** SOURCE MATERIAL follows **
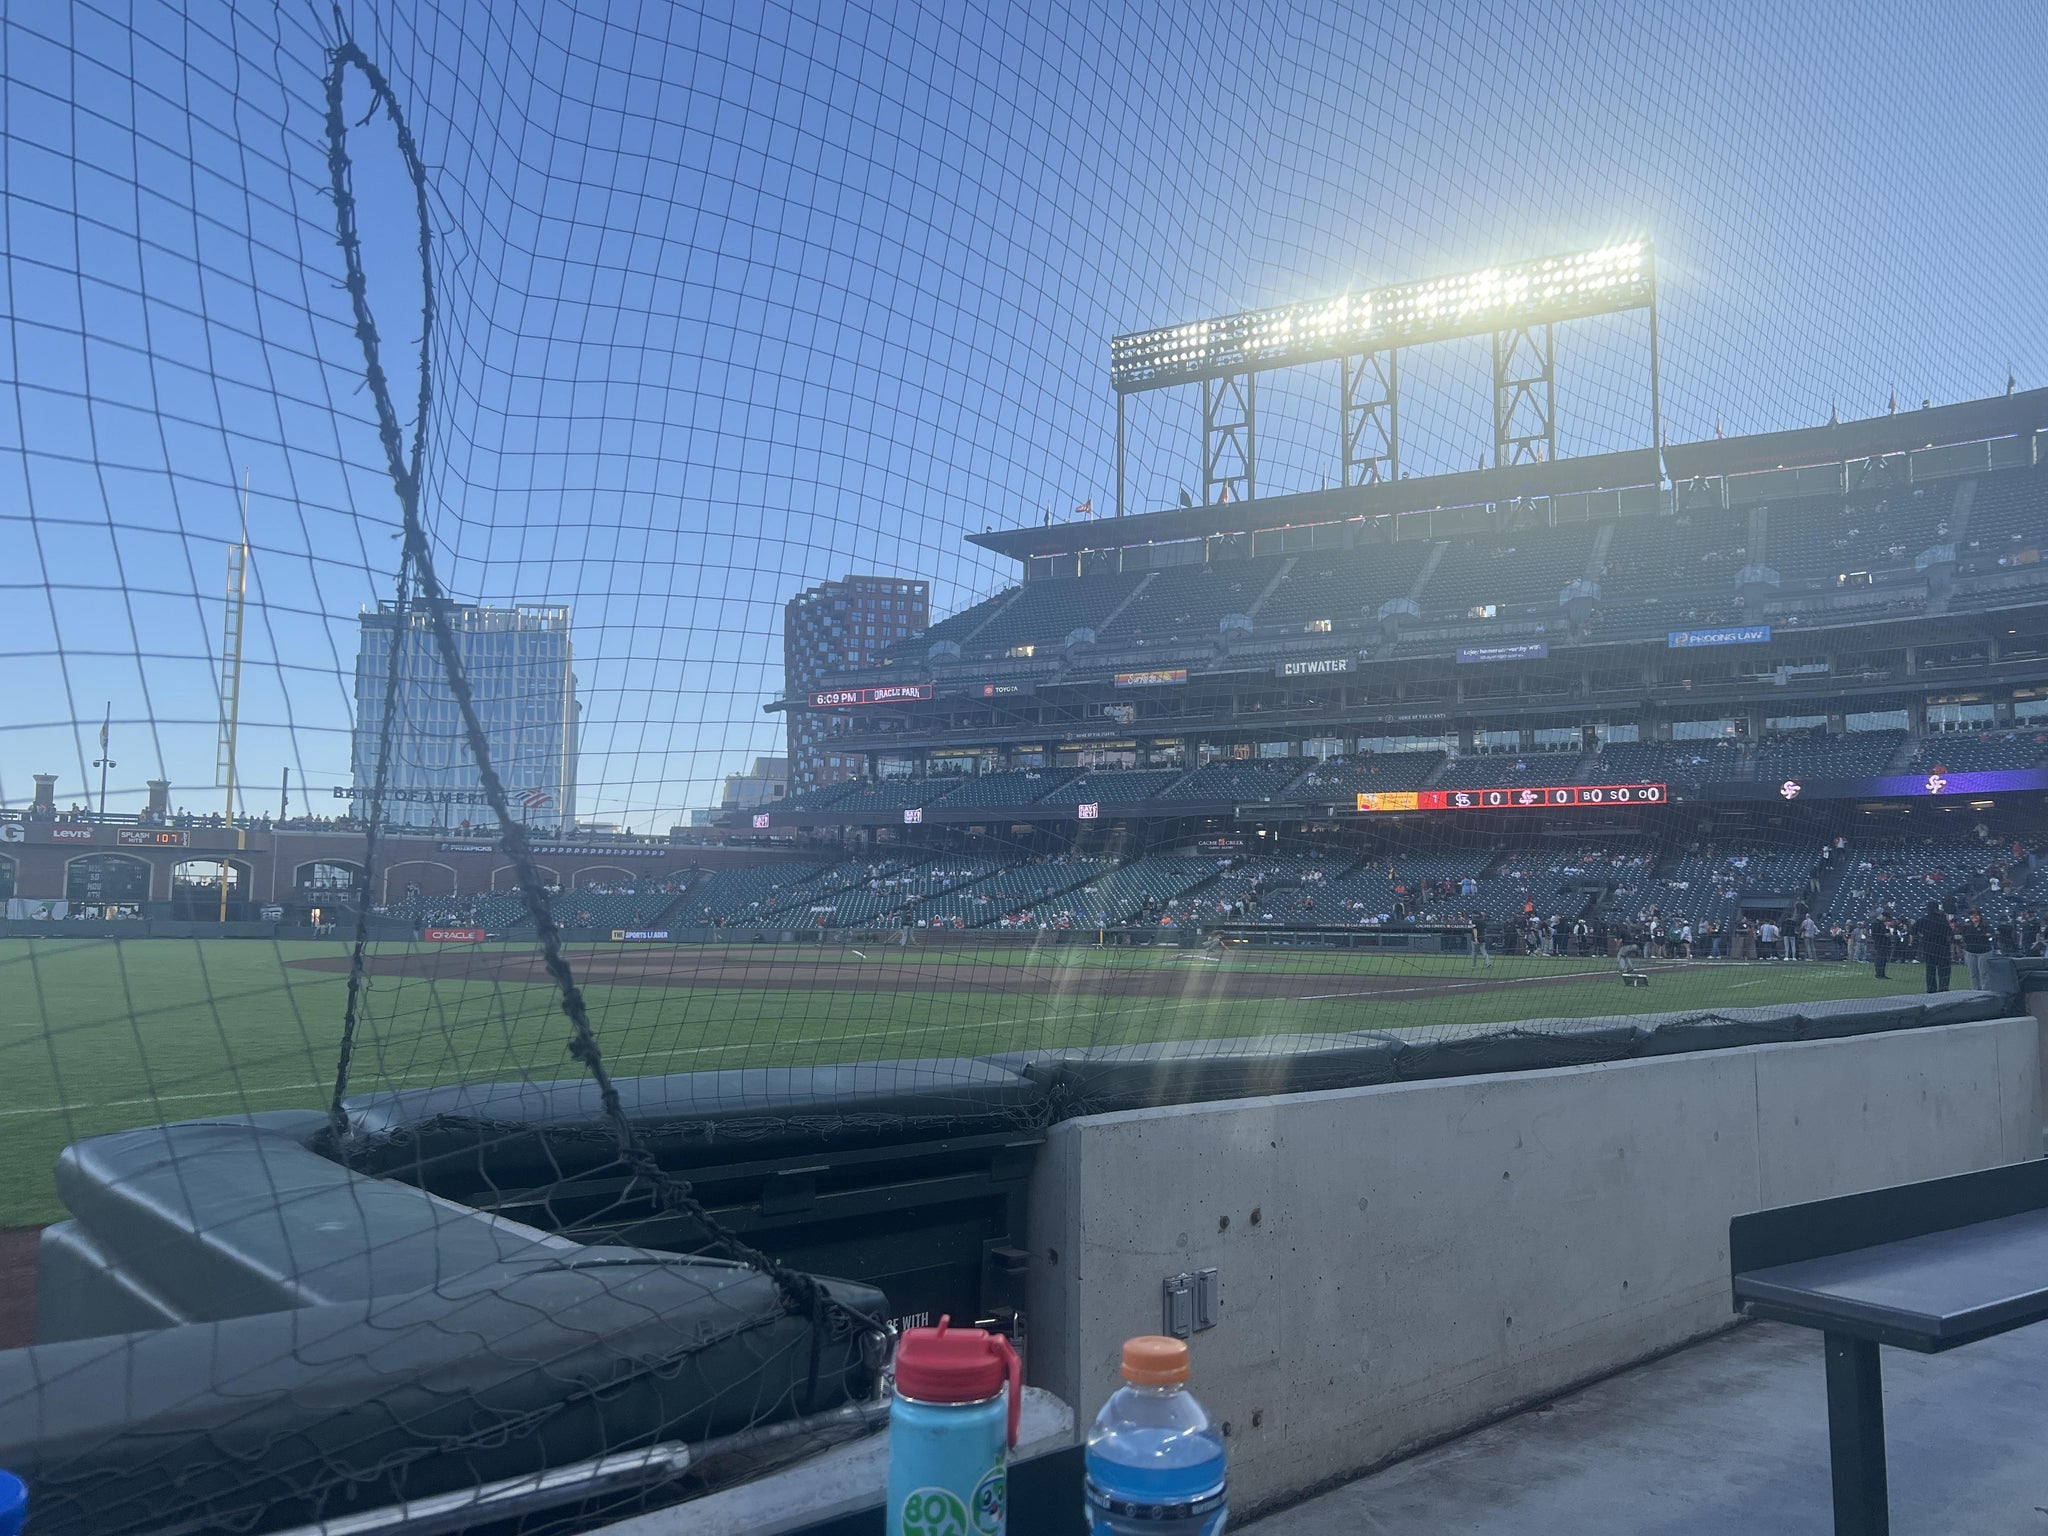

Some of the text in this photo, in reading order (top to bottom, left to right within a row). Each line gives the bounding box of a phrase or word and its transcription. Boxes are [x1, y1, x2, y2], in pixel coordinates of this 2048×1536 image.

[1738, 631, 1763, 640] LAW
[1285, 660, 1347, 675] CUTWATER
[874, 688, 920, 701] ORACLE PARK
[995, 685, 1018, 693] TOYOTA
[817, 693, 857, 704] 6:09 PM
[395, 789, 418, 801] OF
[424, 791, 509, 806] AMERIA
[1489, 792, 1501, 805] 0
[1556, 790, 1567, 804] 0
[121, 831, 150, 839] SPLASH
[156, 833, 177, 843] 107
[625, 931, 646, 939] SPORTS
[902, 1311, 929, 1331] WITH
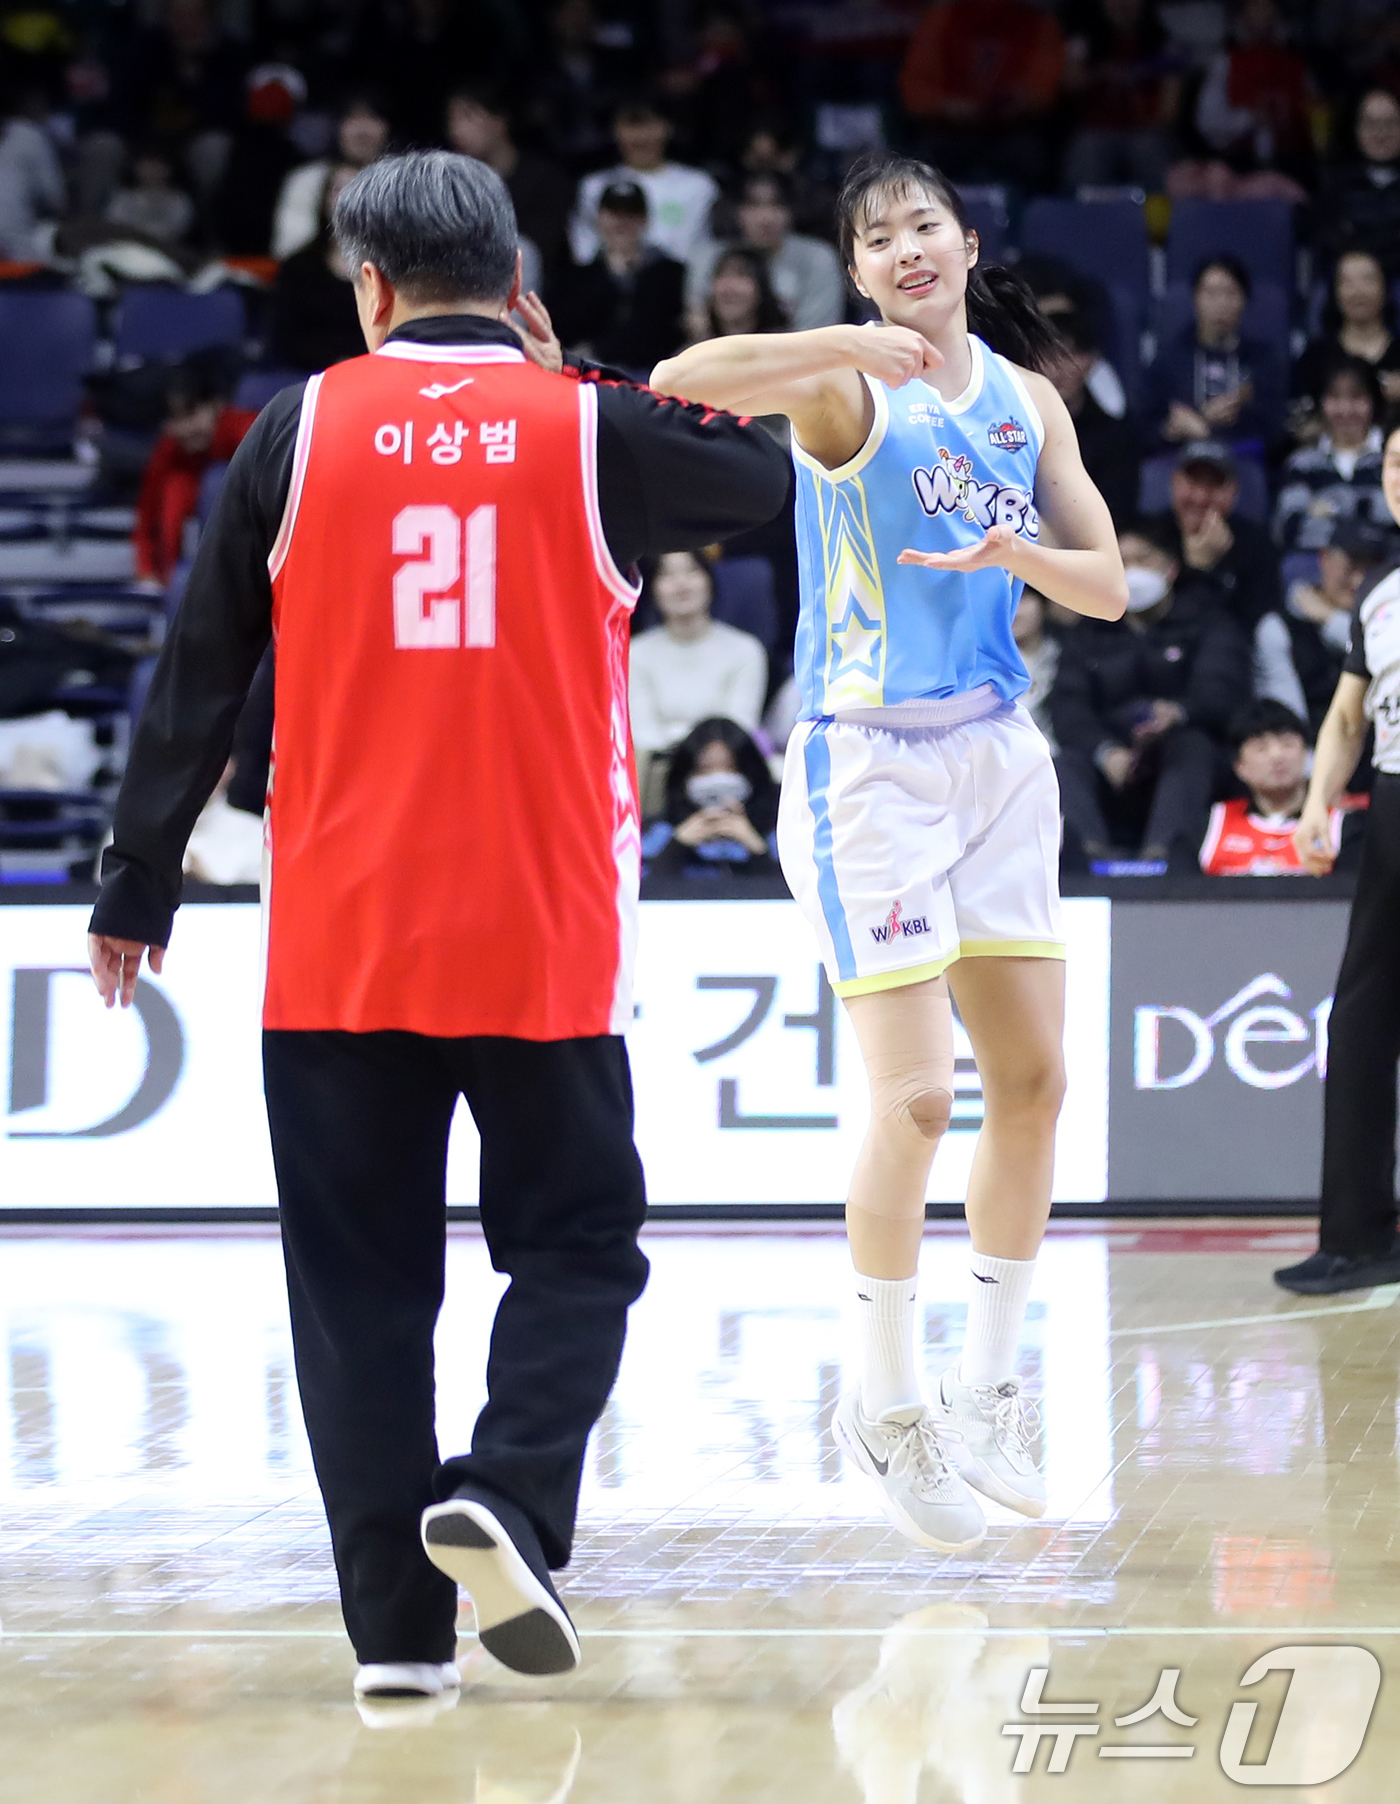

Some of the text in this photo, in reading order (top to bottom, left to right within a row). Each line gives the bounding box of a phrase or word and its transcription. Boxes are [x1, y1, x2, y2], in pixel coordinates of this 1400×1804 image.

[908, 403, 940, 415] EDIYA
[908, 414, 944, 428] COFEE
[374, 419, 517, 465] 이상범
[990, 430, 1026, 445] ALL STAR
[392, 504, 497, 649] 21
[870, 917, 931, 943] WKBL
** End of SOURCE MATERIAL **
# WHAT YOU NEED TO DO:
Retype the listing above exactly, please. Pictures do not belong in the copy.

# SOLUTION:
Some of the text in this photo, in reading order (top to bottom, left to right within a row). Each line gives the bounding box of a phrase or word and its transcription. Boxes are [x1, y1, x2, y2], in pixel coordinates of this 2048×1536 image.

[1738, 631, 1763, 640] LAW
[1285, 660, 1347, 675] CUTWATER
[874, 688, 920, 701] ORACLE PARK
[995, 685, 1018, 693] TOYOTA
[817, 693, 857, 704] 6:09 PM
[395, 789, 418, 801] OF
[424, 791, 509, 806] AMERIA
[1489, 792, 1501, 805] 0
[1556, 790, 1567, 804] 0
[121, 831, 150, 839] SPLASH
[156, 833, 177, 843] 107
[625, 931, 646, 939] SPORTS
[902, 1311, 929, 1331] WITH

Some of the text in this photo, in reading order (top to bottom, left to right within a row). Each line gives the bounding box of a phrase or word and its transcription. Boxes are [x1, y1, x2, y2], in pixel coordinates of this 1400×1804 image.

[908, 403, 940, 415] EDIYA
[908, 414, 944, 428] COFEE
[374, 419, 517, 465] 이상범
[990, 430, 1026, 445] ALL STAR
[392, 504, 497, 649] 21
[870, 917, 931, 943] WKBL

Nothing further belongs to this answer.